She tells it, takes a breath, is silent for a few seconds and holds the cry.

Yajaira Isabel Herrera was her neighbor and she was 24 years old when she found her body in a morgue in the city of Medellín, in the Colombian department of Antioquia.

The young woman, who was missing for four days, was shot in the back by her ex-partner.

Dennisse Partidas, 43, met Yajaira four years ago when she immigrated to Medellín from Barquisimeto, Venezuela.

He arrived in the capital of Antioquia with nothing because he sold what he had to start from scratch in Colombia with her 27, 17 and 13-year-old children.

Yajaira lived alone a couple of floors above hers.

Her two sons went to visit her periodically.

Since she was a native of the Caribbean coast, she did not have a close nucleus in the city apart from her children.

Over time, a friendship based on mutual support was born between Dennisse, her eldest daughter, and Yajaira.

She remembers in a special way an occasion in which Yajaira found out that her neighbors did not have food for the day: “She gave me little eggs and little rice.

A little meal for her to have while she was solving ”.

That network of care feels that it was what motivated her to go on a tireless search as soon as she learned of her disappearance.

Yajaira disappeared on July 8, 2022, a week after her birthday.

After spending days without news of her whereabouts, Denisse began a journey to find her.

She walked for more than an hour, went to hospitals and finally arrived at Legal Medicine.

Her worst feeling came true and she found her there.

She was the first to recognize her body and notify the family.

“The first thing I thought about was her children who were waiting for her.

I saw her as a daughter.

It was very hard for me, ”she recalls with a broken voice.

In the midst of uncertainty and no response from the competent entities, Denisse found Buscarlas Hasta Encontrarlas (BHE), a strategy of the feminist political movement Estamos Listas that, through different tools, accompanies and monitors the disappearance of girls and young people in Medellín and the surrounding municipalities.

In these years, their work has become more essential every day and BHE has become a key articulation for the families of the victims.

At the same time, they have witnessed the numerous obstacles that those who search for their missing friends, sisters, and mothers have to overcome.

As mentioned by Gihorama Aristizabal, one of the volunteers that integrates the initiative, one of the main challenges in these processes is to overcome the misinformation that in many cases also spreads from the same institutionality.

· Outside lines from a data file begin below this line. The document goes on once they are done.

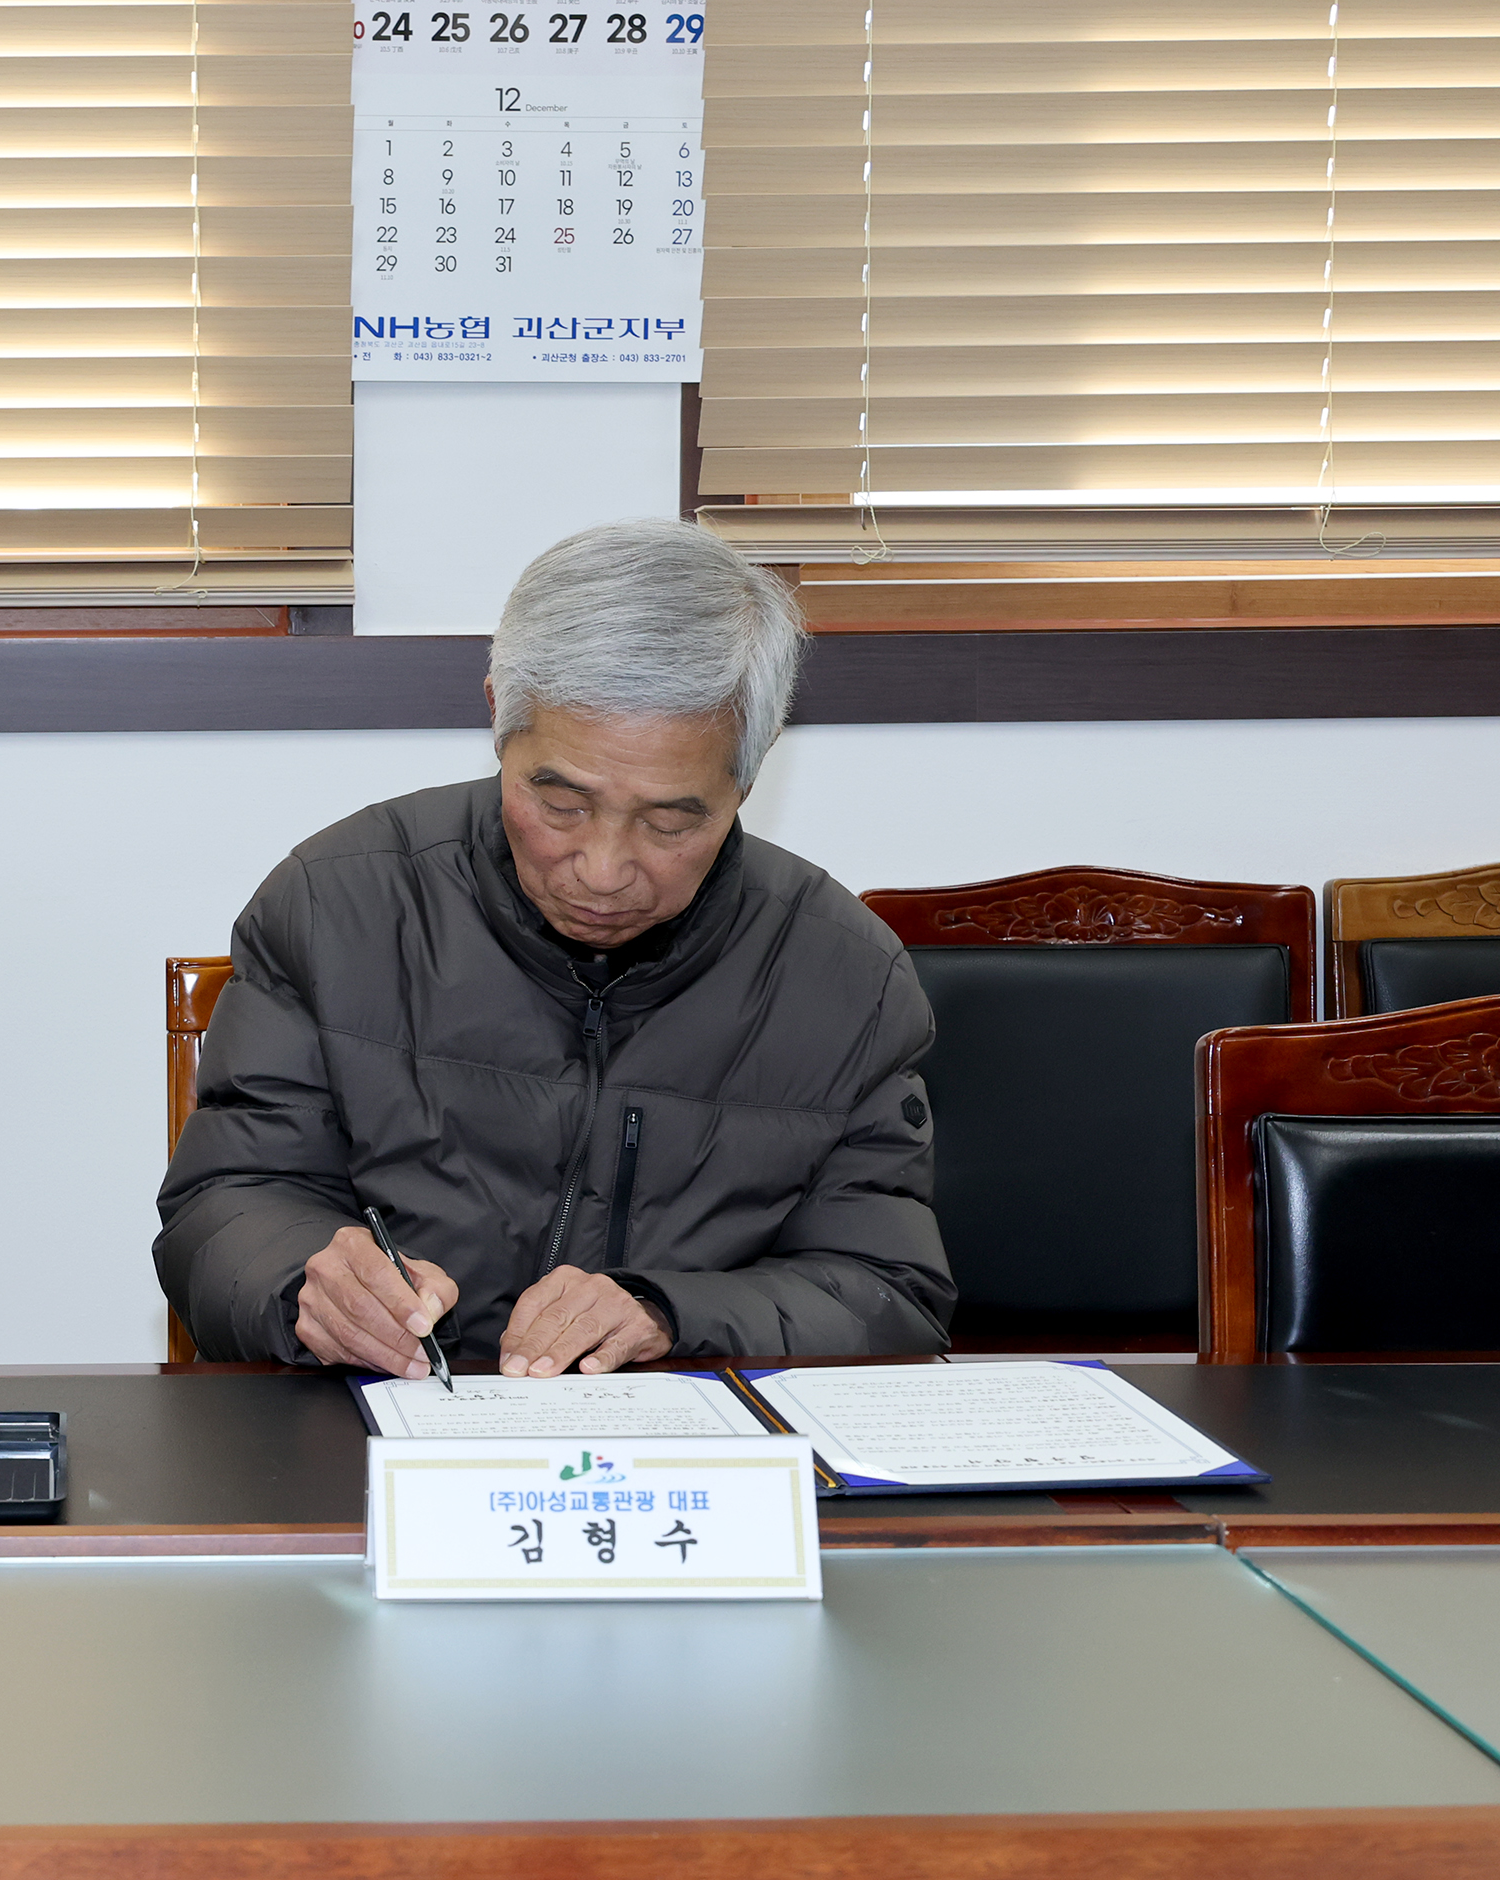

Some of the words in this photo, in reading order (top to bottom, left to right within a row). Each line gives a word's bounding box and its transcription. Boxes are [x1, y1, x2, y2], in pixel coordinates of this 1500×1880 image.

[371, 11, 414, 42] 24
[431, 11, 471, 43] 25
[489, 12, 530, 44] 26
[548, 13, 588, 43] 27
[606, 13, 647, 44] 28
[665, 13, 705, 44] 29
[495, 87, 521, 112] 12
[525, 103, 568, 112] December
[623, 121, 629, 129] 금
[385, 139, 392, 156] 1
[442, 139, 454, 157] 2
[501, 140, 513, 158] 3
[560, 141, 573, 158] 4
[620, 141, 631, 159] 5
[678, 142, 690, 159] 6
[383, 168, 394, 186] 8
[441, 168, 454, 186] 9
[498, 169, 516, 187] 10
[559, 169, 572, 187] 11
[616, 170, 634, 187] 12
[675, 170, 693, 188] 13
[379, 197, 397, 215] 15
[438, 197, 456, 215] 16
[498, 198, 515, 215] 17
[556, 198, 574, 216] 18
[615, 198, 633, 216] 19
[672, 199, 694, 217] 20
[376, 226, 398, 243] 22
[435, 226, 457, 244] 23
[494, 226, 517, 244] 24
[553, 227, 575, 245] 25
[612, 227, 635, 245] 26
[672, 228, 693, 245] 27
[376, 254, 398, 272] 29
[434, 255, 457, 273] 30
[495, 255, 512, 273] 31
[354, 315, 490, 340] NH농협
[512, 317, 685, 341] 괴산군지부
[362, 352, 371, 361] 전
[394, 352, 402, 361] 화
[413, 352, 433, 361] 043)
[437, 352, 492, 362] 833-0321~2
[542, 353, 577, 363] 괴산군청
[581, 353, 608, 363] 출장소
[619, 353, 639, 363] 043)
[643, 353, 686, 363] 833-2701
[490, 1490, 655, 1513] (주)아성교통관광
[668, 1490, 710, 1512] 대표

The activist explains that it is very common for entities to replicate the 72-hour myth that dictates that one must wait around three days to report a disappearance.

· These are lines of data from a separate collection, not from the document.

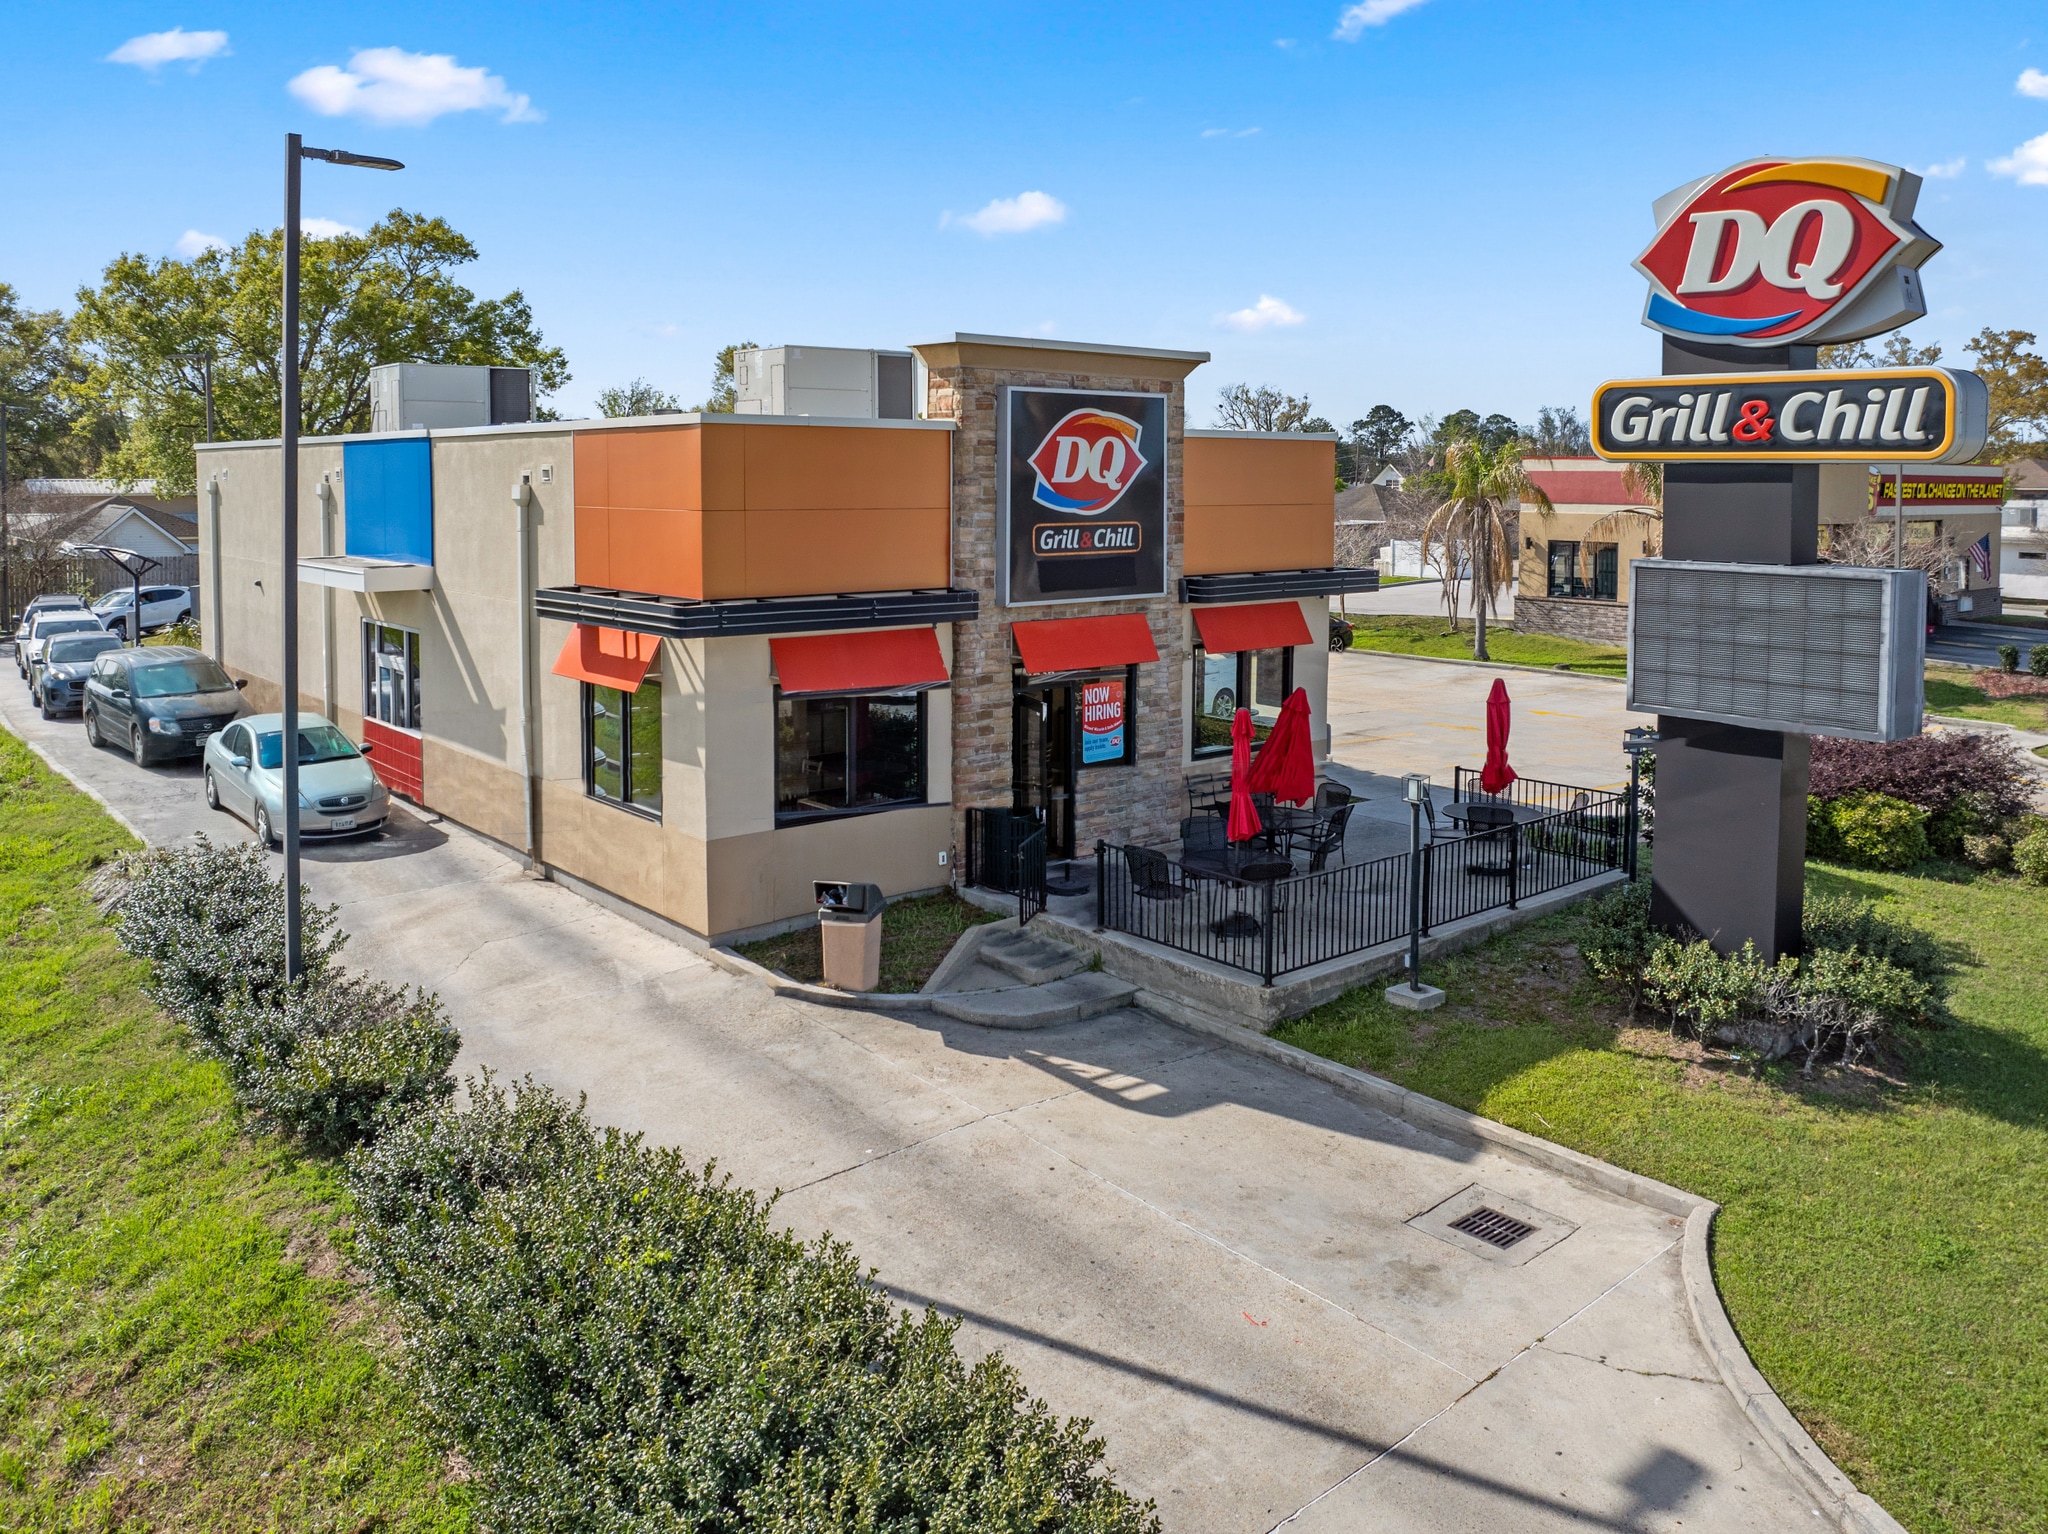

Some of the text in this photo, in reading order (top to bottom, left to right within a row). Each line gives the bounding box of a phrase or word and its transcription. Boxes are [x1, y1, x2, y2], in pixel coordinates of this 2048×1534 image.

[1676, 199, 1854, 300] DQ
[1611, 387, 1930, 443] Grill & Chill
[1051, 436, 1126, 490] DQ
[1884, 482, 2003, 499] FASEST OIL CHANGE ON THE PLANET
[1040, 527, 1133, 550] Grill & Chill
[1085, 686, 1110, 705] NOW
[1085, 702, 1121, 722] HIRING

He even says that many times family members are not explained that there is an urgent search mechanism that is vital in these situations.

Aristizabal details that, although women are not murdered in all cases of disappearance, sexist violence materializes in other ways, such as sexual and psychological violence.

In fact, he points out that there are cases that cannot even be solved.

Remember the story of Leidy Andrea Restrepo Goez, who has been missing for six months, and that of Luz Leidy Vanegas, who disappeared on January 1, 2020. In neither case is there clear information about what happened to the women.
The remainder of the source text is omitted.